** EXCERPTED RECORDS follows **

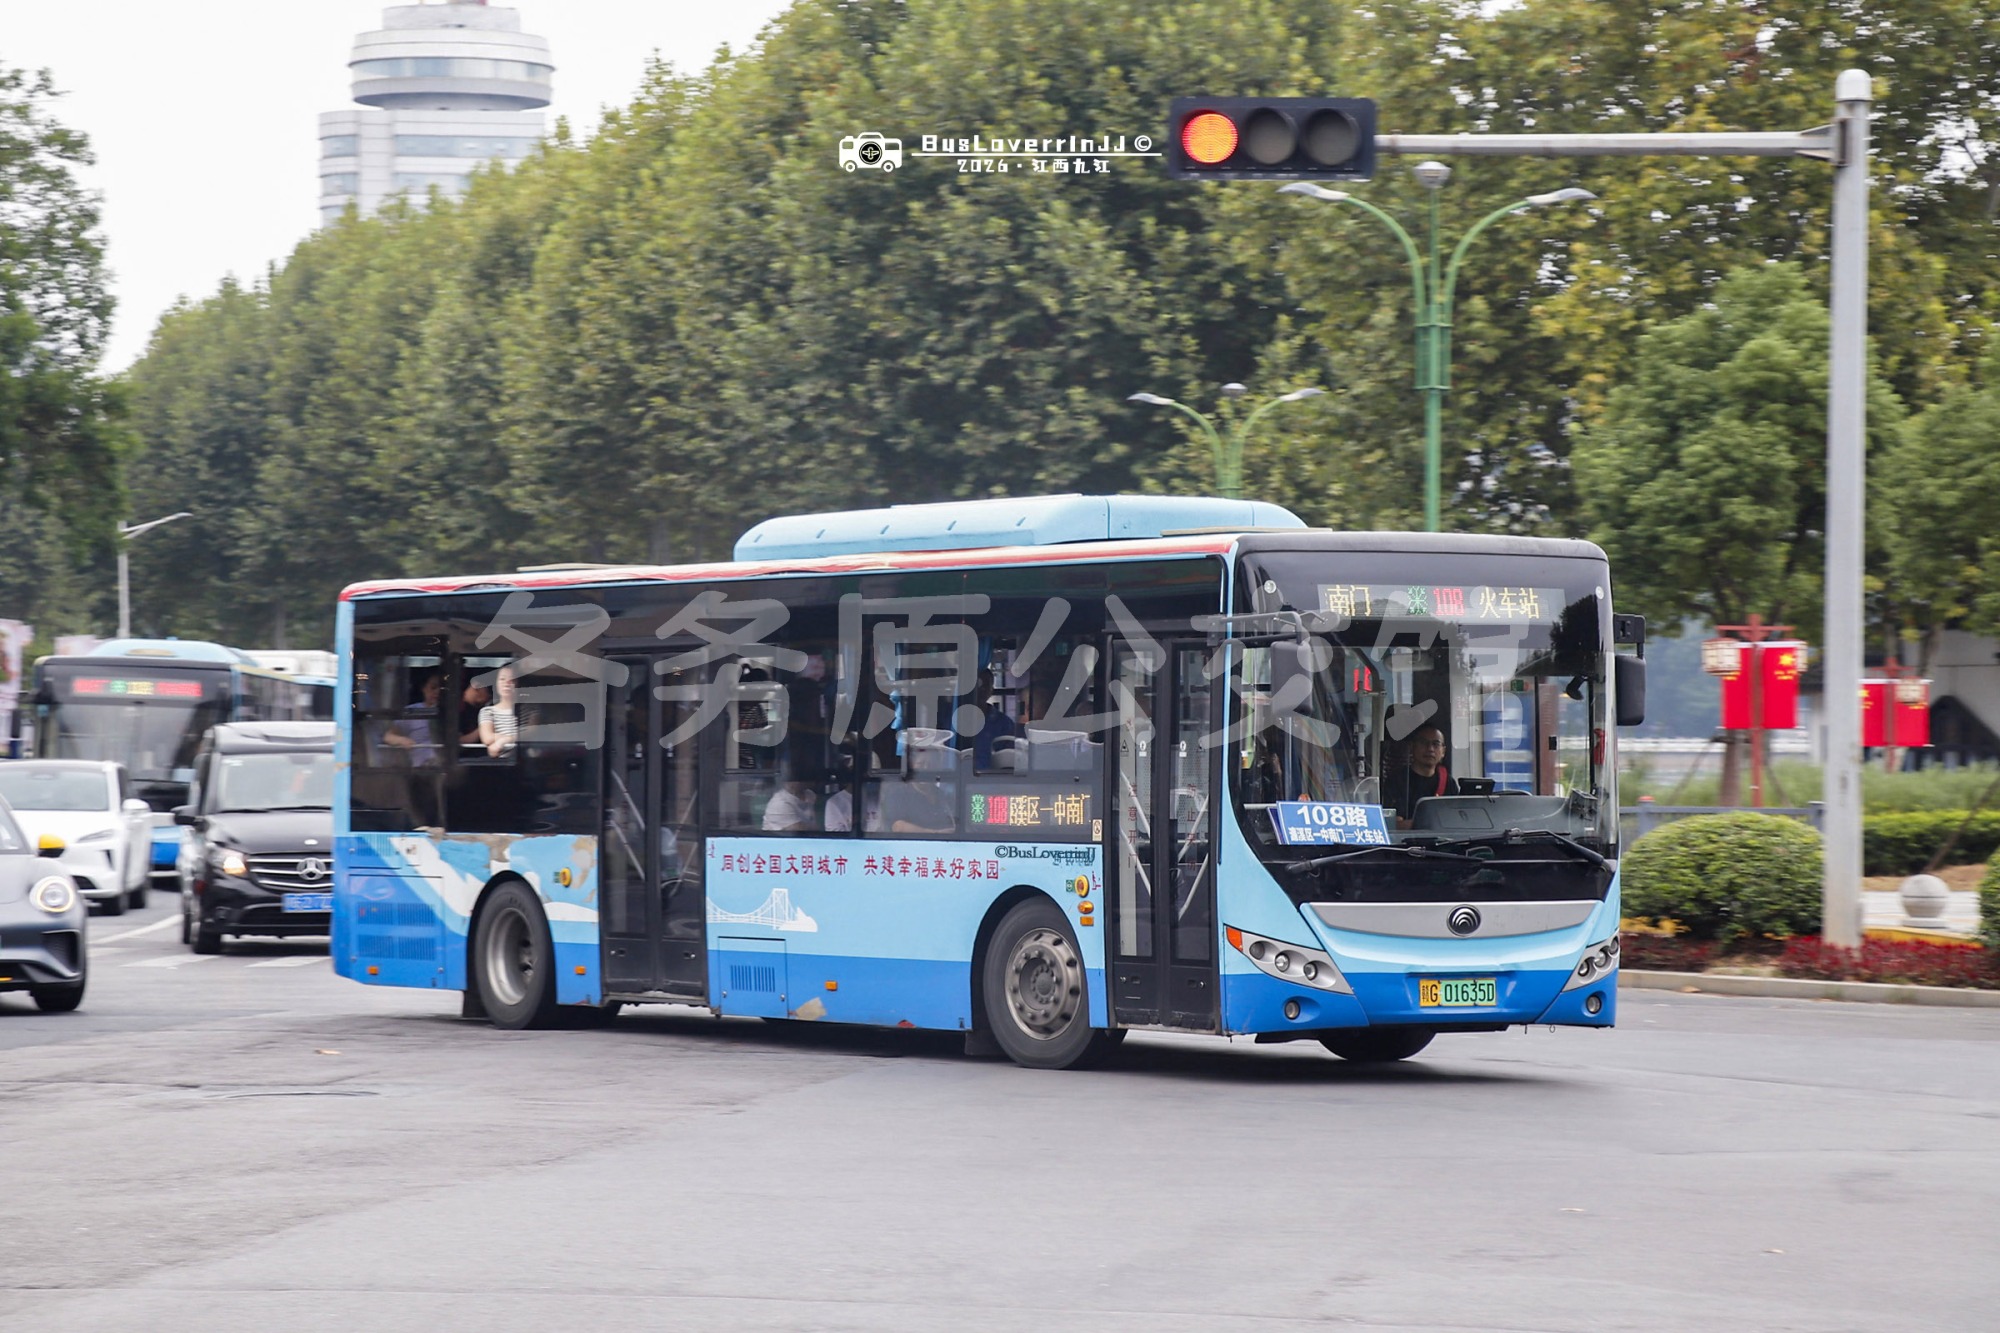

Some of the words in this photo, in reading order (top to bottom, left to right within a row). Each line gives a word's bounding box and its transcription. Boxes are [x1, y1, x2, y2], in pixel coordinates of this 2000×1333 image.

[1433, 588, 1465, 616] 108
[1479, 587, 1540, 619] 火车站
[1297, 805, 1368, 827] 108路
[721, 853, 848, 875] 同创全国文明城市
[864, 855, 999, 879] 共建幸福美好家园
[1444, 983, 1495, 1002] 01635D
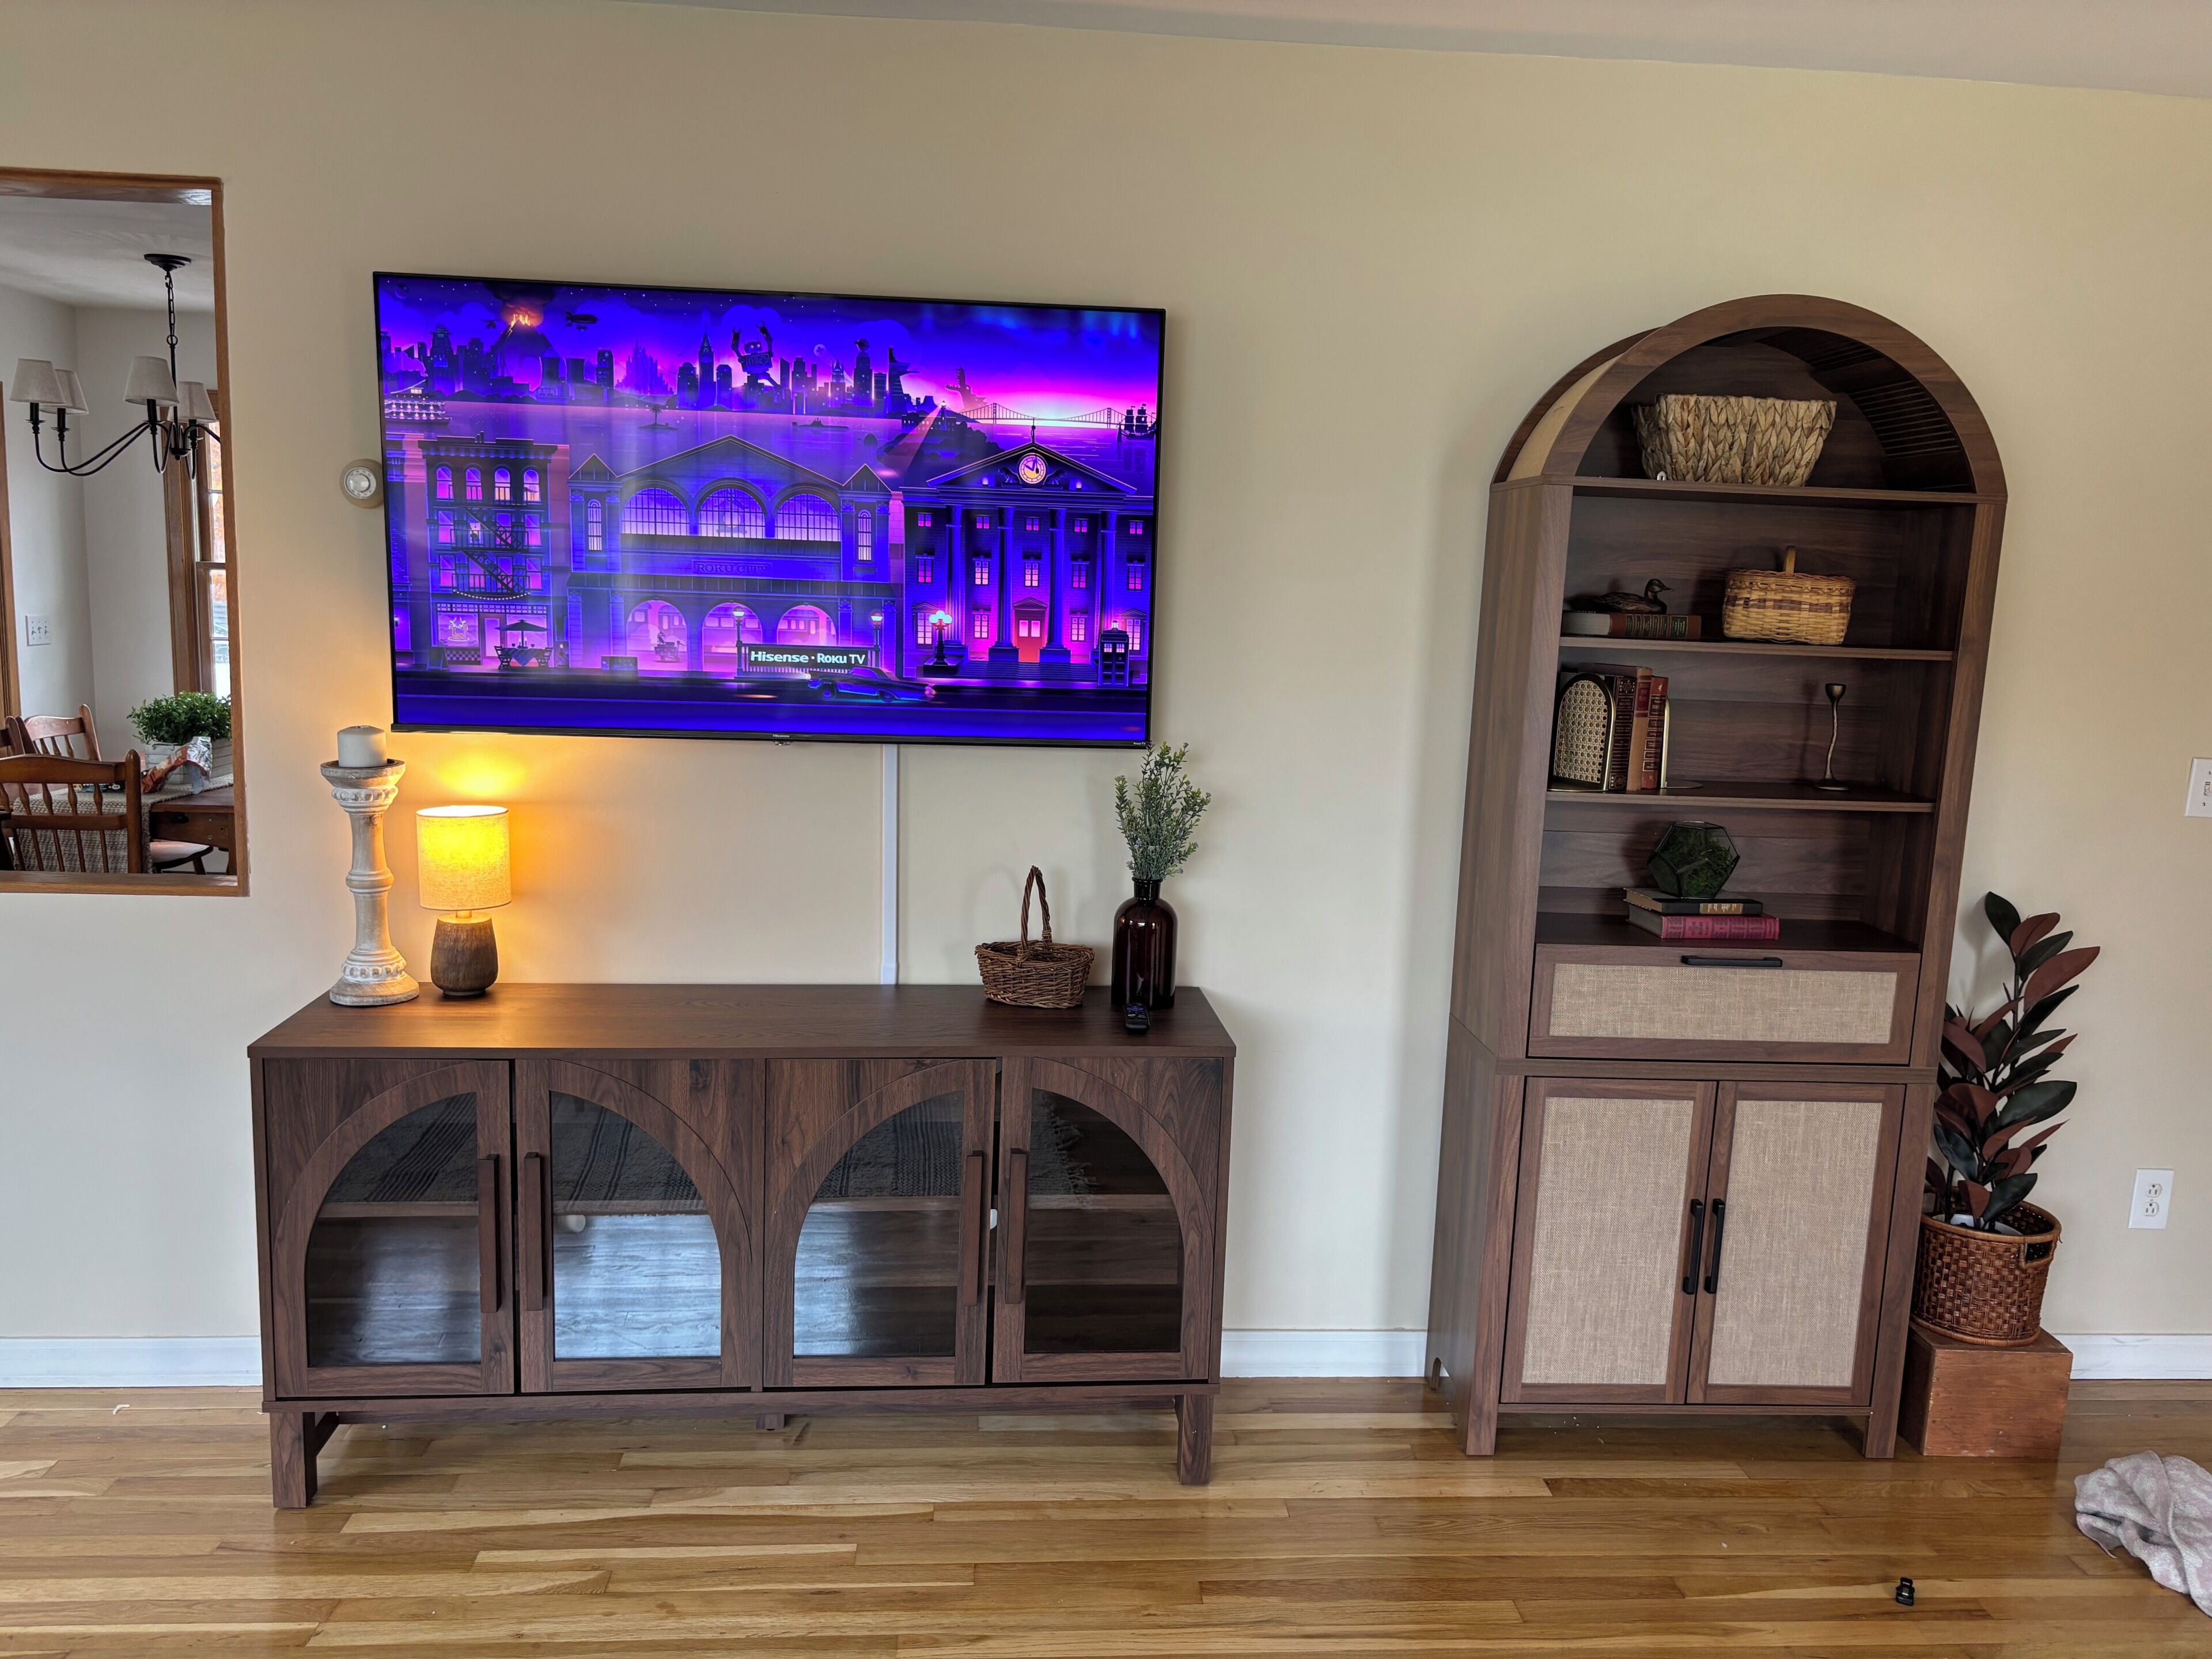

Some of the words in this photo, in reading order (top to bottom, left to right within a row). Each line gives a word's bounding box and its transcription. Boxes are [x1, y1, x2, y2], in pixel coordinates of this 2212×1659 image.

[696, 563, 734, 573] ROKU
[751, 651, 809, 662] Hisense
[817, 653, 847, 664] Roku
[849, 654, 865, 664] TV

** End of EXCERPTED RECORDS **

◆ WHAT YOU HAVE TO DO: Output each record above exactly as written. Skip any pictures.

◆ WRITTEN ANSWER:
Some of the words in this photo, in reading order (top to bottom, left to right within a row). Each line gives a word's bounding box and its transcription. Boxes are [x1, y1, x2, y2], in pixel coordinates of this 2000×1333 image.

[1433, 588, 1465, 616] 108
[1479, 587, 1540, 619] 火车站
[1297, 805, 1368, 827] 108路
[721, 853, 848, 875] 同创全国文明城市
[864, 855, 999, 879] 共建幸福美好家园
[1444, 983, 1495, 1002] 01635D

Some of the words in this photo, in reading order (top to bottom, left to right within a row). Each line gives a word's bounding box and its transcription. Boxes are [x1, y1, x2, y2], in pixel coordinates of this 2212×1659 image.

[696, 563, 734, 573] ROKU
[751, 651, 809, 662] Hisense
[817, 653, 847, 664] Roku
[849, 654, 865, 664] TV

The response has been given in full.